GDP Consultation & Regulatory Guidance

What We Offer

• GDP-Compliant Business Model Design

Build or restructure your pharmaceutical business model to ensure regulatory alignment from day one. Whether you're operating under a WDA(H), WDA(V), or importing under an RPi licence, we’ll help ensure the structure fits MHRA and licencing requirements.

• Customer and Supplier Qualification

We can help design and implement risk-based supplier and customer qualification processes, including due diligence, licensing verification, and ongoing monitoring protocols.

• Transport and Supply Chain Validation

Whether you manage in-house logistics or outsource to a 3PL, we ensure your GDP transport routes, couriers, and cold chain processes meet regulatory standards and support product integrity.

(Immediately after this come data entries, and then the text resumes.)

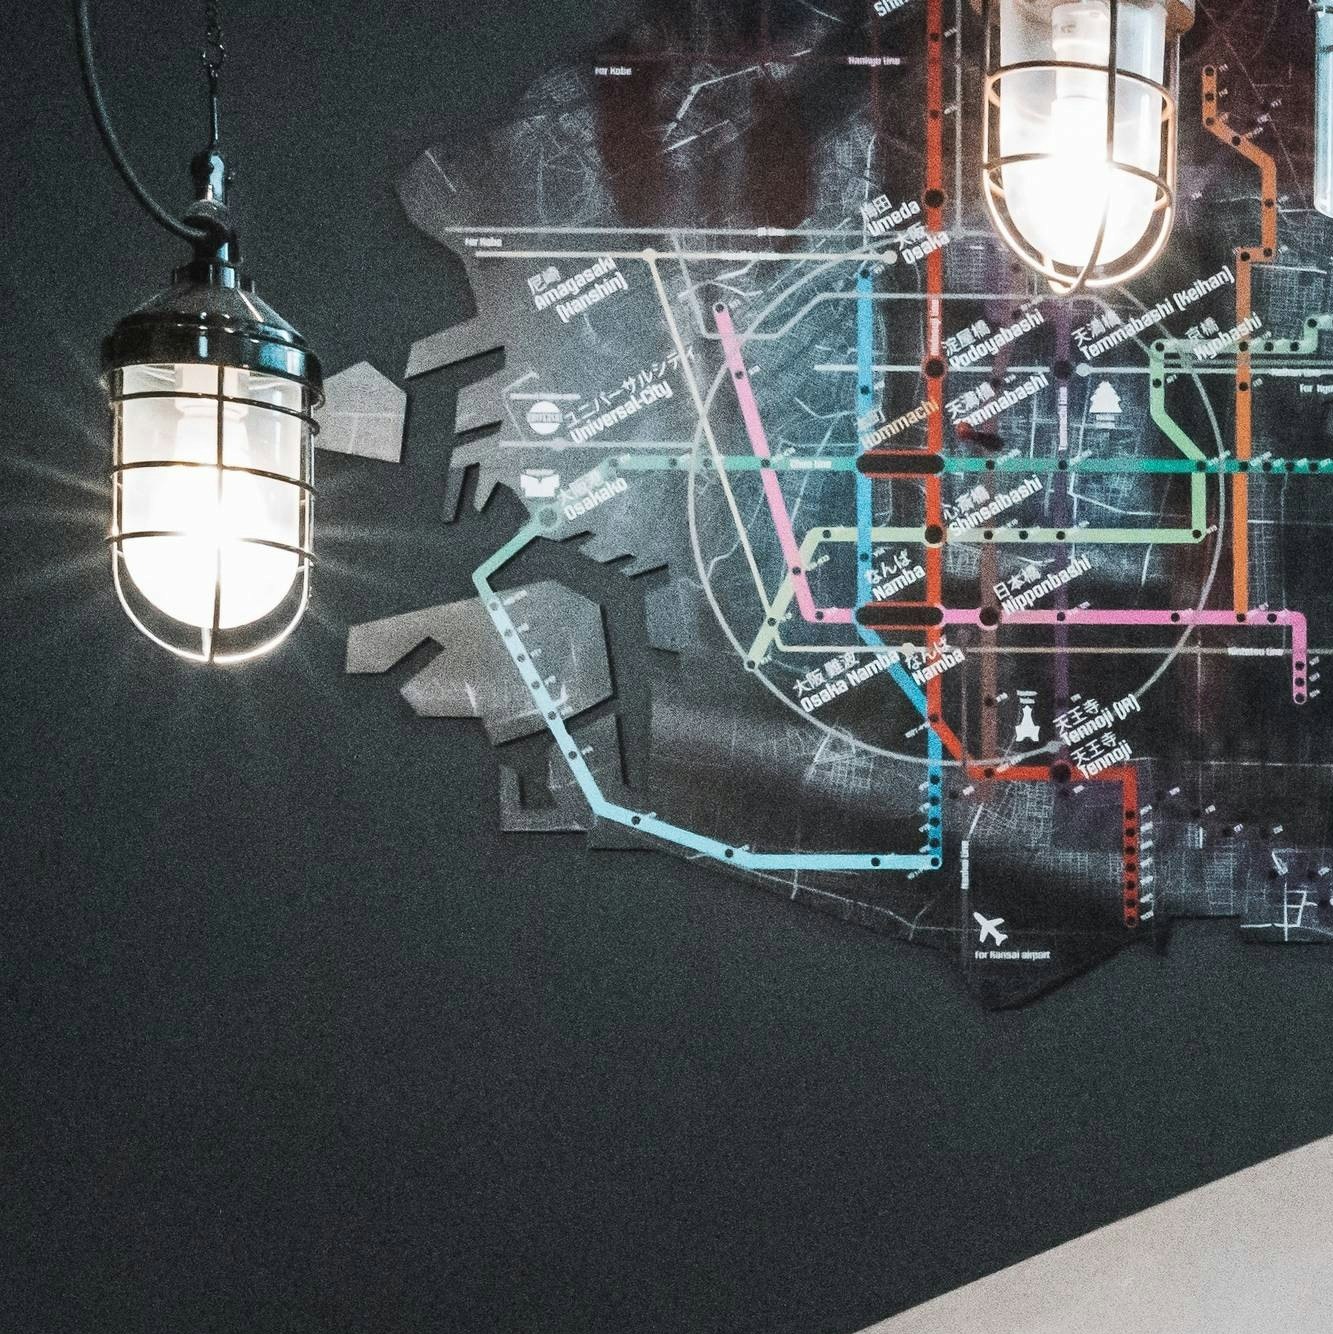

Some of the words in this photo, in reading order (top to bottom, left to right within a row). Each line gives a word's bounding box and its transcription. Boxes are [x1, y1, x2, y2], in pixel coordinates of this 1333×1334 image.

[867, 200, 921, 237] Umeda
[901, 231, 950, 265] Osaka
[563, 477, 628, 521] Osakako
[872, 565, 926, 601] Namba
[1000, 553, 1093, 616] Nipponbashi
[799, 679, 849, 713] Osaka
[847, 650, 901, 687] Namba
[911, 648, 966, 686] Namba
[1052, 698, 1101, 734] 天王寺
[1061, 707, 1116, 747] Tennoji
[1070, 730, 1118, 765] 天王寺
[1077, 739, 1133, 779] Tennoji

• Export Compliance and International Trade

Navigating GDP obligations across borders? We provide advice on export documentation, trading requirements and the regulatory challenges to ensure your operations remain GDP compliant.

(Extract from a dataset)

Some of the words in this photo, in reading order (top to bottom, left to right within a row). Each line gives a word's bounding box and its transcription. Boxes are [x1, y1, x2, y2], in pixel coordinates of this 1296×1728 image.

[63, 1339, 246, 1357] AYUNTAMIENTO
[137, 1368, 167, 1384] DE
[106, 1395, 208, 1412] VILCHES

• Facility and Infrastructure Design

We advise on everything from warehouse layout and materials handling to refrigeration, HVAC systems, calibration schedules, and GDP segregation, ensuring your site is inspection-ready and operationally efficient.

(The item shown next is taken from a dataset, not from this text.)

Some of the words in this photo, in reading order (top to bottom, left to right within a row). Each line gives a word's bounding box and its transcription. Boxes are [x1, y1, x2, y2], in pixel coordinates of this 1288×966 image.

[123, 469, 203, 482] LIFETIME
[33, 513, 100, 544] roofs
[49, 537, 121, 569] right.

• IT and Document Control Optimisation

We assess your document control system, eQMS platform (see our QMS service & TraxQM), and digital infrastructure to align with GDP principles and MHRA expectations.

When to Engage Us

• WDA application or licence expansion

• SOP and QMS review projects

• Transport or warehouse setup planning

• New product category, import route, or service launch

• Preparation for MHRA inspection or post-inspection CAPAs

• Long-term strategic quality and risk planning

Whether you need one-off advisory or ongoing consultation, we will work flexibly around your team’s needs and timelines.